Essas mudanças são bem-vindas. Hoje, o dinheiro do trabalhador é depositado compulsoriamente em contas que ele tem pouca liberdade para movimentar e cuja remuneração é baixa. Por essa poupança obrigatória, o governo remunera o trabalhador a uma taxa mais baixa do que aquela paga a seus credores. No fim das contas, o FGTS funciona como um imposto escondido sobre a renda do trabalho.

As mudanças corrigem em parte esses problemas, ao dar ao trabalhador a opção de realizar saques parciais uma vez por ano (o chamado “saque-aniversário”) e aumentar a remuneração. O governo indicou que a taxa de juros paga pelo dinheiro depositado no FGTS será próxima à obtida no Tesouro Direto.

O governo sinalizou ainda que as mudanças ajudariam aaliviar distorções sobre o mercado de trabalho induzidas pelo FGTS, em particular a elevada rotatividade observada no Brasil. O trabalhador tende a passar pouco tempo em cada emprego, dificultando a acumulação de capital humano específico à firma e os ganhos de produtividade correspondentes.

O argumento do governo tem fundamento teórico. Quanto mais tempo o trabalhador passa na empresa, mais seu saldo se acumula. Por conta da baixa remuneração do FGTS, há cada vez mais incentivo a retirar esse dinheiro, o que pode ser feito apenas em algumas oportunidades – como a demissão sem justa causa. Isso pode incentivar trabalhadores a buscar essa opção, fazendo, por exemplo, pouco esforço para ganhar produtividade.

A baixa remuneração do FGTS, dessa forma, afeta incentivos dos trabalhadores no sentido de interromper seus vínculos precocemente e dificultar o aumento de sua produtividade dentro da empresa. Com as mudanças propostas para aumentar a remuneração, esse efeito tende a se enfraquecer, ajudando a diminuir as distorções no mercado de trabalho.

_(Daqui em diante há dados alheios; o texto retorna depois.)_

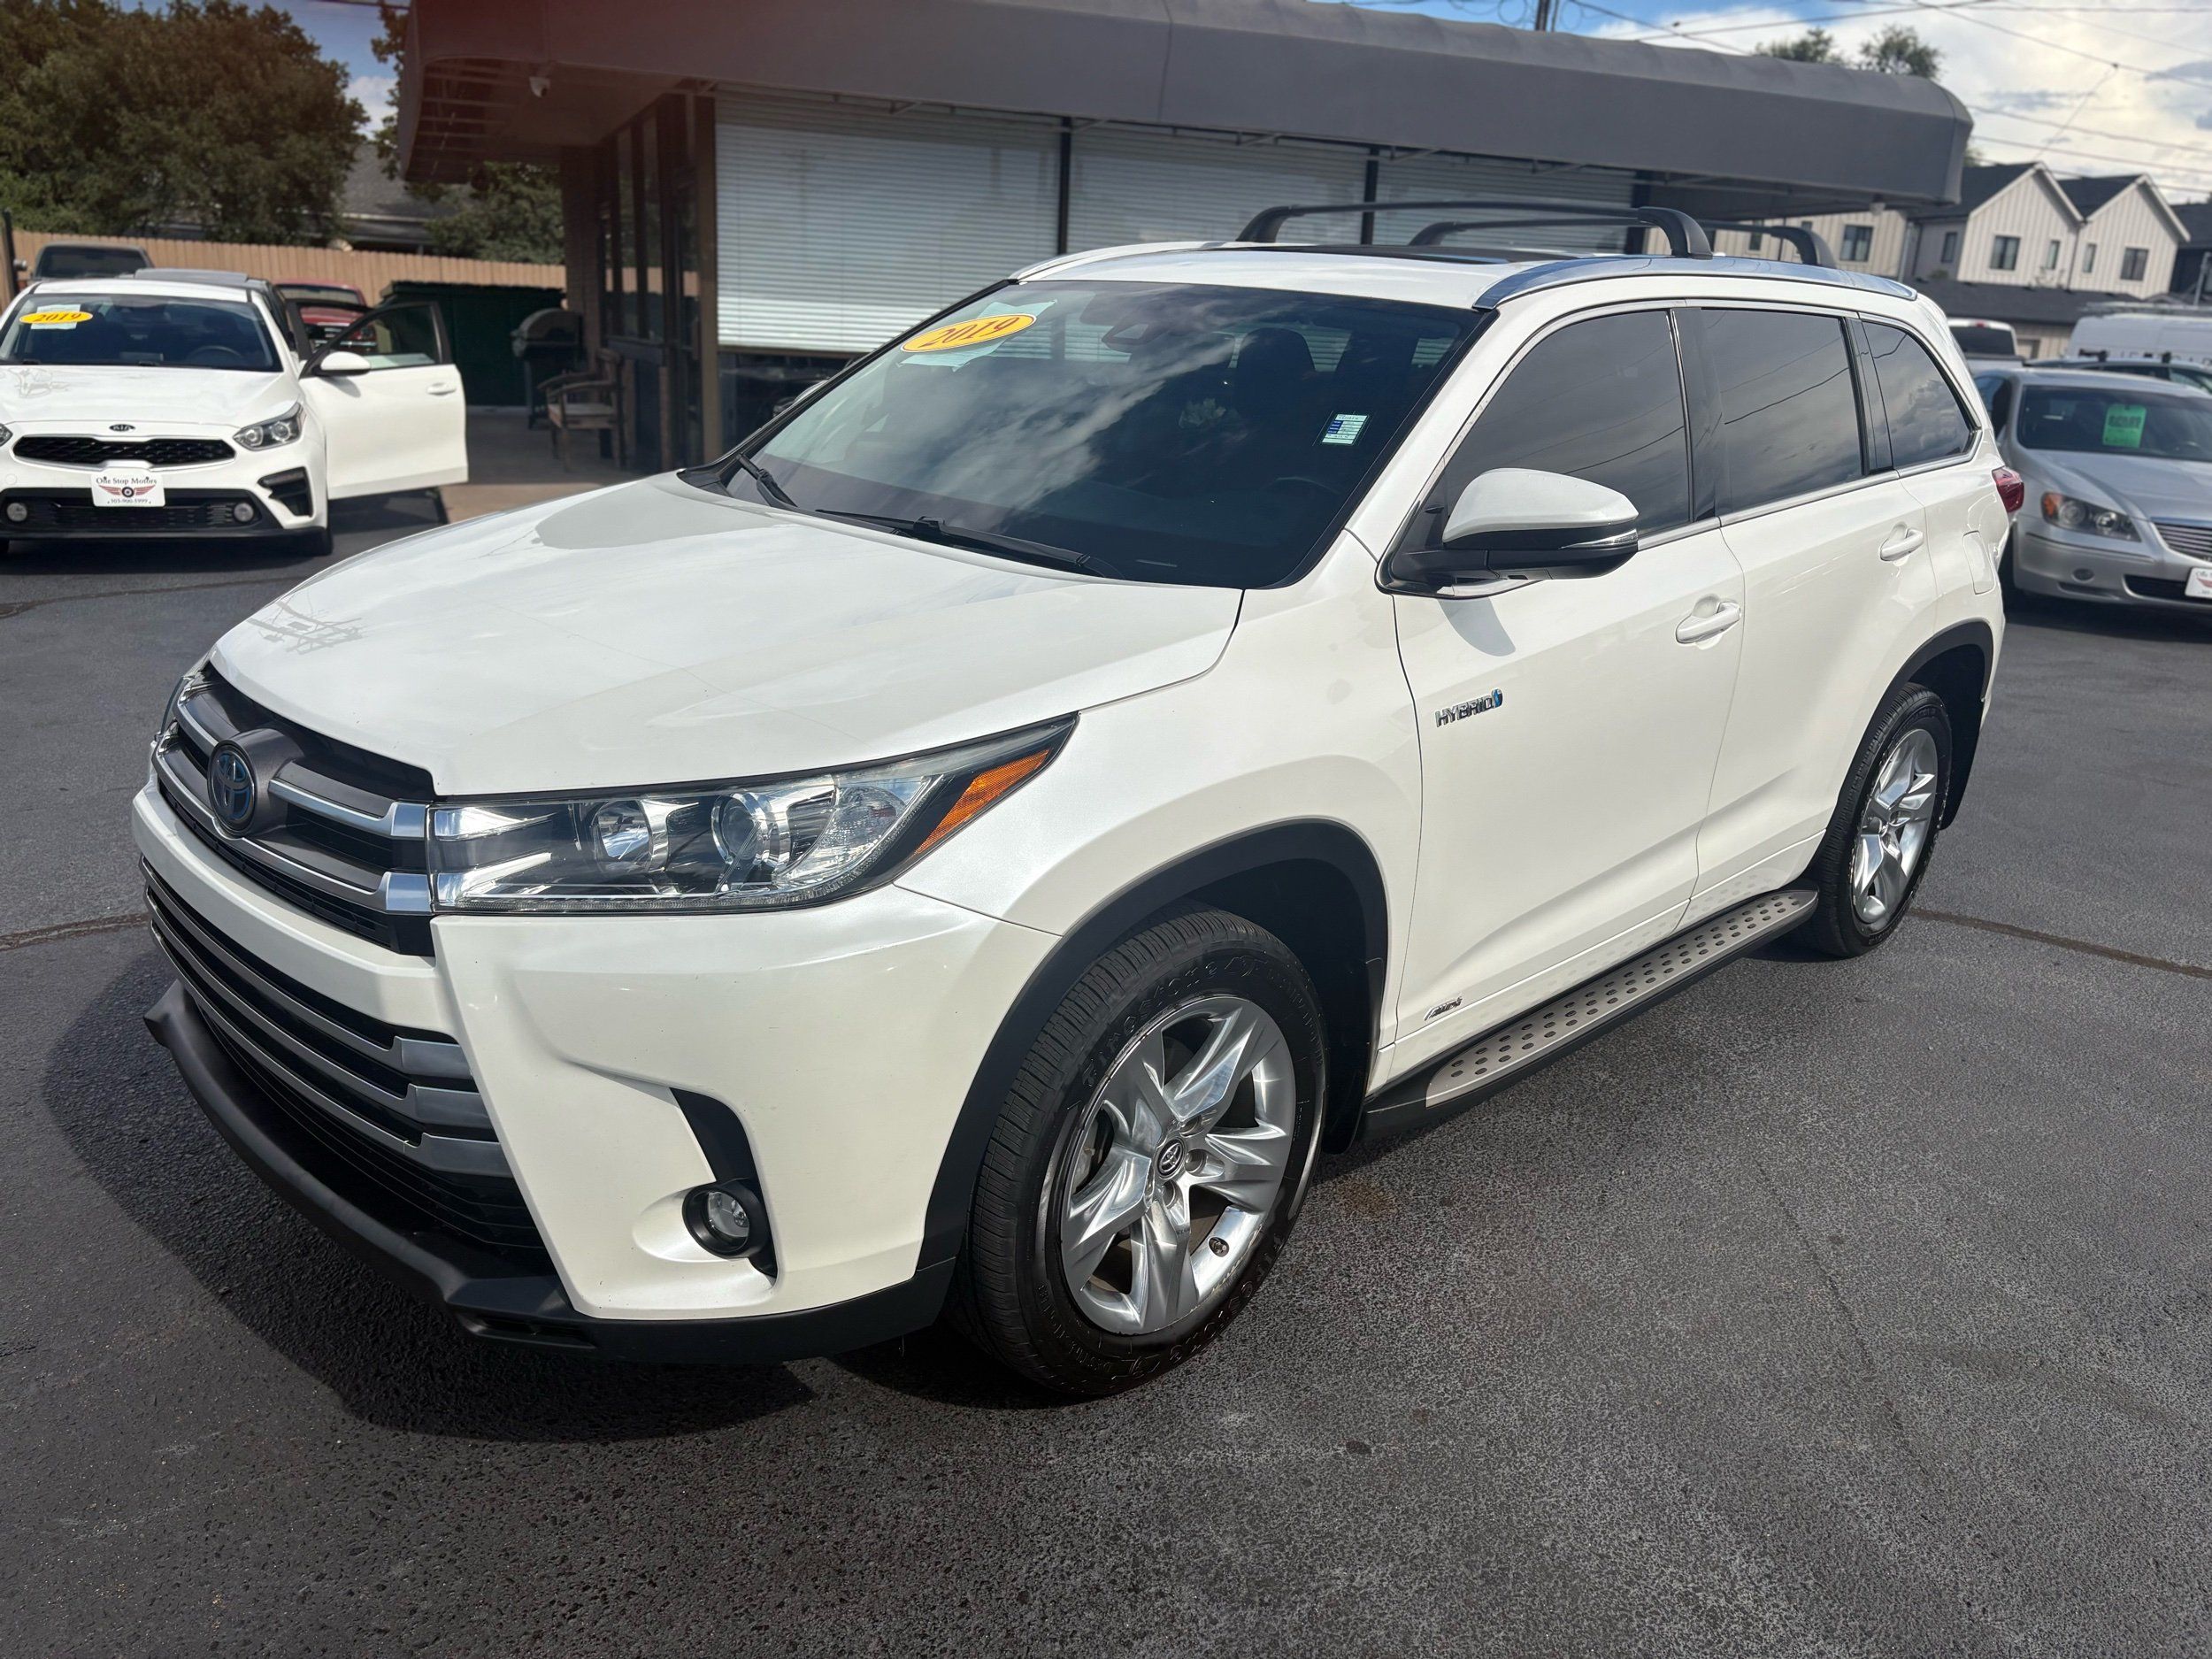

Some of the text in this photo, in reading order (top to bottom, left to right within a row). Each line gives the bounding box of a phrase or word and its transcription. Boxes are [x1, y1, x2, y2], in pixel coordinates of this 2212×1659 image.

[33, 312, 81, 322] 2019
[918, 317, 1020, 349] 2019
[1435, 695, 1494, 727] HYBRID
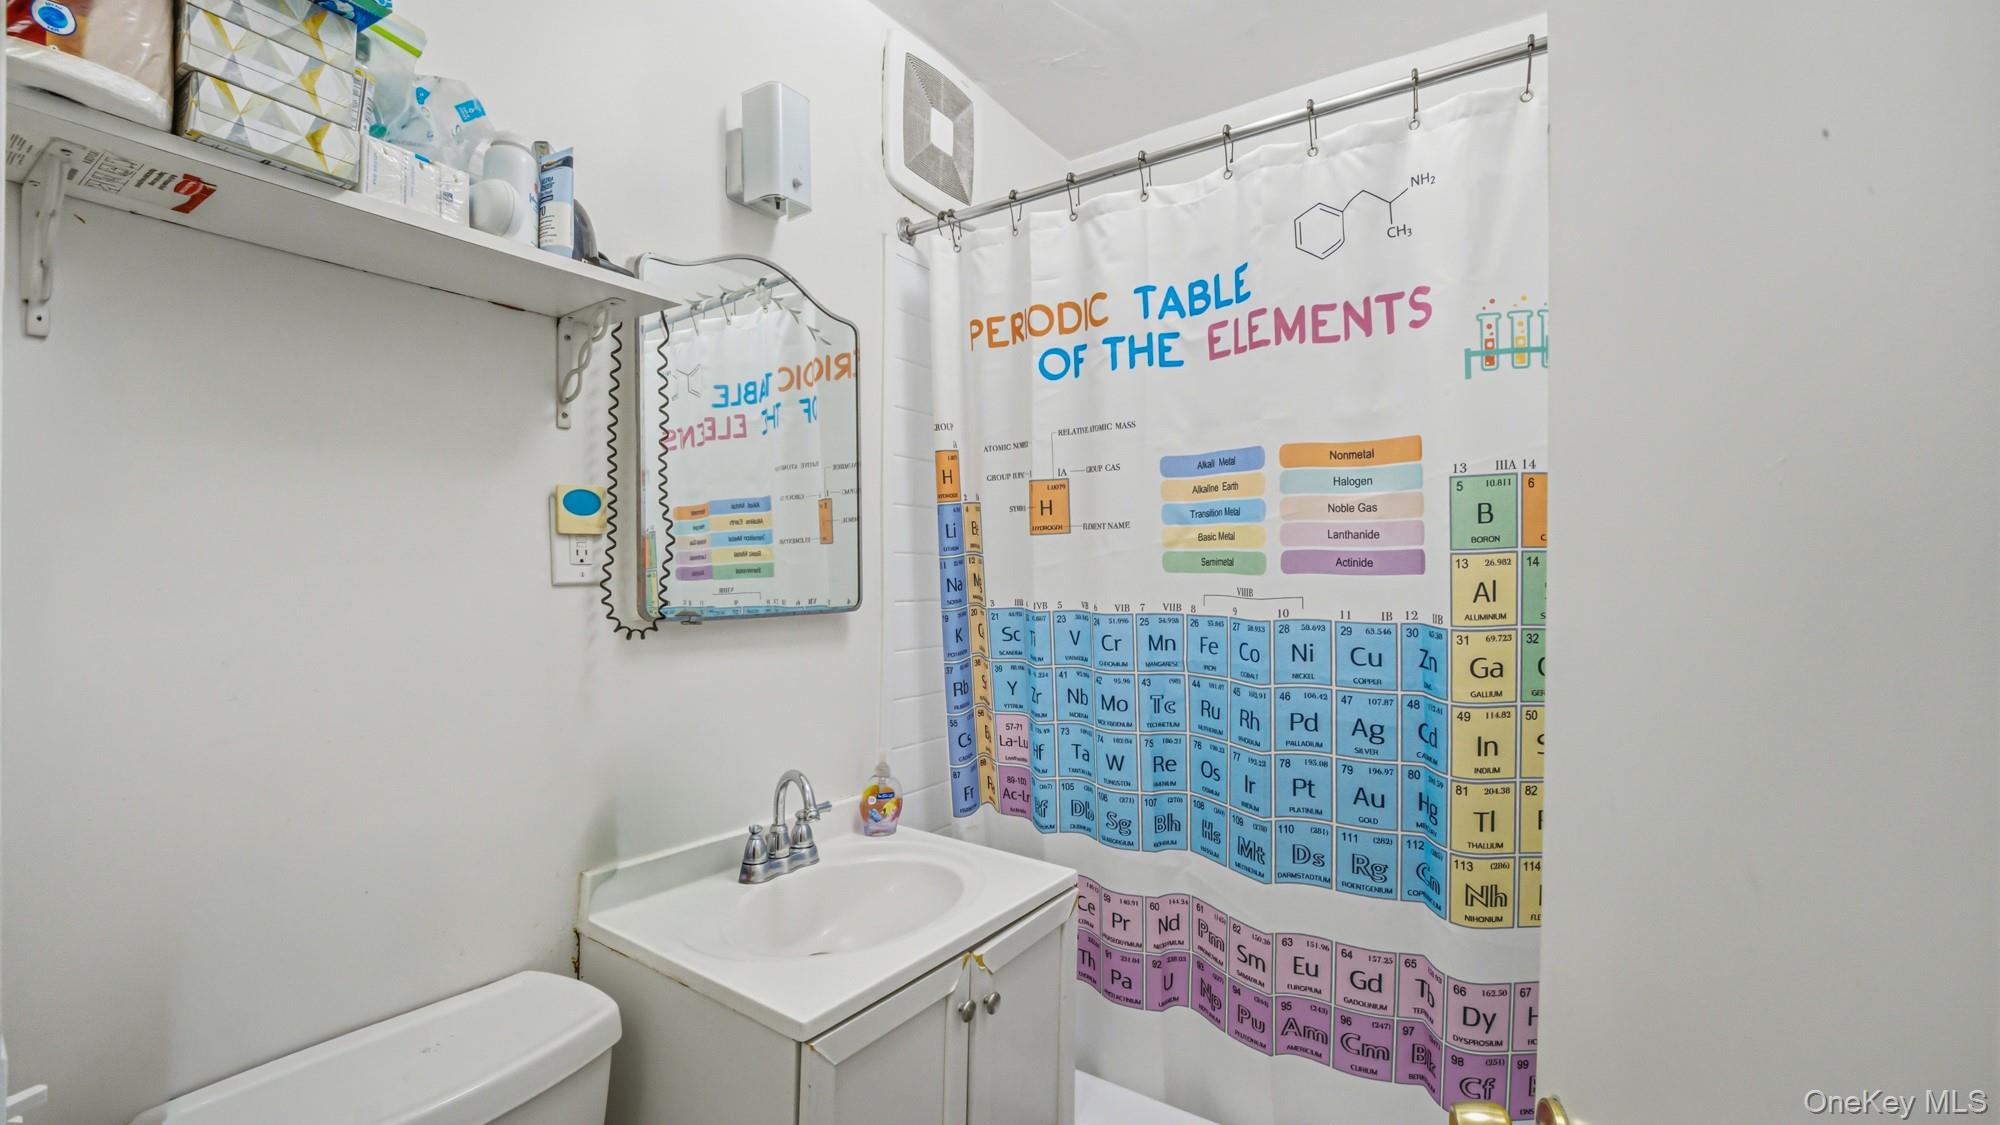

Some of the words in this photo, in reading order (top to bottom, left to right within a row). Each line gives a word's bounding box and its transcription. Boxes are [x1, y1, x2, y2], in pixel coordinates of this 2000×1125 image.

[970, 292, 1108, 351] PERIODIC
[1134, 262, 1251, 320] TABLE
[1038, 344, 1087, 380] OF
[1103, 331, 1184, 371] THE
[1207, 286, 1433, 361] ELEMENTS
[1116, 420, 1136, 430] MASS
[1329, 449, 1374, 460] Nonmetal
[1105, 463, 1121, 472] CAS
[1197, 460, 1215, 471] Alkali
[1219, 456, 1236, 467] Metal
[1453, 463, 1467, 474] 13
[1495, 459, 1517, 471] IIIA
[1522, 458, 1536, 470] 14
[942, 469, 953, 485] H
[1333, 477, 1373, 488] Halogen
[1486, 478, 1512, 488] 10.811
[1527, 477, 1535, 488] 6
[1192, 483, 1219, 494] Alkaline
[1222, 481, 1239, 492] Earth
[1456, 480, 1464, 492] 5
[1040, 500, 1053, 516] H
[1190, 508, 1224, 519] Transition
[1224, 507, 1241, 517] Metal
[1327, 503, 1355, 513] Noble
[1357, 503, 1378, 513] Gas
[1477, 502, 1494, 525] B
[946, 522, 957, 539] Li
[1107, 521, 1130, 530] NAME
[1197, 532, 1217, 542] Basic
[1218, 531, 1236, 541] Metal
[1327, 529, 1380, 540] Lanthanide
[1471, 535, 1501, 544] BORON
[1201, 557, 1234, 567] Semimetal
[1335, 557, 1374, 568] Actinide
[1456, 558, 1469, 569] 13
[1526, 556, 1540, 567] 14
[947, 577, 963, 593] Na
[1472, 579, 1497, 604] Al
[1237, 587, 1254, 598] VIIIB
[1115, 604, 1130, 612] VIB
[1278, 608, 1290, 618] 10
[1056, 614, 1067, 624] 23
[1340, 610, 1351, 620] 11
[1405, 610, 1418, 620] 12
[1139, 617, 1149, 627] 25
[1232, 622, 1240, 632] 27
[955, 627, 963, 644] K
[1001, 626, 1021, 642] Sc
[1278, 624, 1290, 634] 28
[1340, 626, 1352, 636] 29
[1406, 628, 1419, 638] 30
[1069, 630, 1081, 646] V
[1101, 634, 1122, 652] Cr
[1148, 634, 1176, 652] Mn
[1456, 635, 1470, 646] 31
[1525, 633, 1540, 644] 32
[1199, 636, 1219, 655] Fe
[1239, 642, 1260, 663] Co
[1291, 643, 1315, 663] Ni
[1350, 646, 1382, 667] Cu
[1419, 648, 1438, 673] Zn
[1469, 657, 1504, 679] Ga
[953, 680, 969, 697] Rb
[1007, 680, 1018, 696] Y
[1141, 678, 1151, 687] 43
[1067, 687, 1089, 706] Nb
[1233, 687, 1241, 697] 45
[1279, 691, 1291, 701] 46
[1470, 690, 1503, 698] GALLIUM
[1101, 694, 1129, 712] Mo
[1150, 694, 1176, 714] Tc
[1340, 695, 1353, 705] 47
[1407, 699, 1420, 710] 48
[1200, 699, 1221, 720] Ru
[1525, 709, 1538, 721] 50
[1240, 708, 1260, 730] Rh
[1290, 712, 1319, 732] Pd
[1456, 711, 1471, 722] 49
[1060, 727, 1070, 736] 73
[1351, 718, 1385, 745] Ag
[1418, 722, 1438, 748] Cd
[958, 732, 972, 748] Cs
[1477, 736, 1499, 757] In
[1071, 743, 1090, 762] Ta
[1105, 753, 1125, 772] W
[1153, 755, 1177, 773] Re
[1279, 758, 1291, 768] 78
[1200, 760, 1221, 782] Os
[1341, 764, 1354, 775] 79
[1407, 769, 1421, 780] 80
[1061, 783, 1075, 792] 105
[1244, 774, 1257, 794] Ir
[1292, 778, 1316, 798] Pt
[1455, 784, 1468, 796] 81
[1525, 785, 1538, 796] 82
[1144, 798, 1157, 808] 107
[1352, 787, 1385, 809] Au
[1418, 791, 1438, 826] Hg
[1105, 810, 1132, 837] Sg
[1154, 813, 1181, 834] Bh
[1358, 816, 1379, 825] GOLD
[1473, 810, 1495, 833] Tl
[1278, 824, 1295, 834] 110
[1342, 832, 1358, 844] 111
[1406, 839, 1425, 851] 112
[1467, 841, 1504, 849] THALLIUM
[1292, 843, 1326, 868] Ds
[1351, 853, 1389, 884] Rg
[1454, 859, 1474, 872] 113
[1523, 861, 1541, 871] 114
[1277, 871, 1331, 884] DARMSTADTIUM
[1341, 880, 1393, 895] ROENTGENIUM
[1464, 883, 1508, 908] Nh
[1077, 895, 1096, 916] Ce
[1149, 902, 1160, 911] 60
[1111, 912, 1131, 931] Pr
[1158, 913, 1181, 935] Nd
[1464, 914, 1504, 923] NIHONIUM
[1281, 937, 1294, 948] 63
[1236, 944, 1266, 974] Sm
[1340, 948, 1353, 960] 64
[1293, 955, 1319, 978] Eu
[1404, 958, 1418, 969] 65
[1111, 968, 1133, 990] Pa
[1163, 972, 1174, 992] U
[1350, 970, 1383, 994] Gd
[1414, 978, 1435, 1009] Tb
[1453, 984, 1467, 997] 66
[1519, 987, 1532, 998] 67
[1280, 1001, 1293, 1012] 95
[1343, 996, 1388, 1011] GADOLINIUM
[1236, 1003, 1266, 1034] Pu
[1340, 1015, 1353, 1026] 96
[1462, 1006, 1497, 1034] Dy
[1280, 1017, 1329, 1046] Am
[1402, 1026, 1416, 1037] 97
[1340, 1032, 1390, 1062] Cm
[1451, 1054, 1465, 1067] 98
[1516, 1059, 1529, 1070] 99

O desejo ou necessidade de acessar os recursos depositados podem também compelir trabalhadores a buscar uma demissão sem justa causa. Isso pode ser particularmente atrativo para pessoas endividadas. Afinal, por conta do elevado spread bancário, indivíduos pagam juros bastante altos em suas dívidas – seria uma excelente alternativa utilizar o saldo do FGTS para abater essas dívidas, reduzindo o custo dos juros pagos.

As mudanças propostas também aliviam essa margem de distorção, ao dar mais liberdade ao indivíduo para mexer em seu saldo, por meio da opção do saque-aniversário. Além disso, o governo pretende criar instrumentos financeiros que permitam às pessoas utilizarem os valores do saque-aniversário como garantia em empréstimos, o que lhes possibilitaria conseguir juros menores para suas dívidas. Tudo isso torna menos custoso “poupar” no FGTS, reduzindo a tentação de ter acesso aos recursos pela via da demissão.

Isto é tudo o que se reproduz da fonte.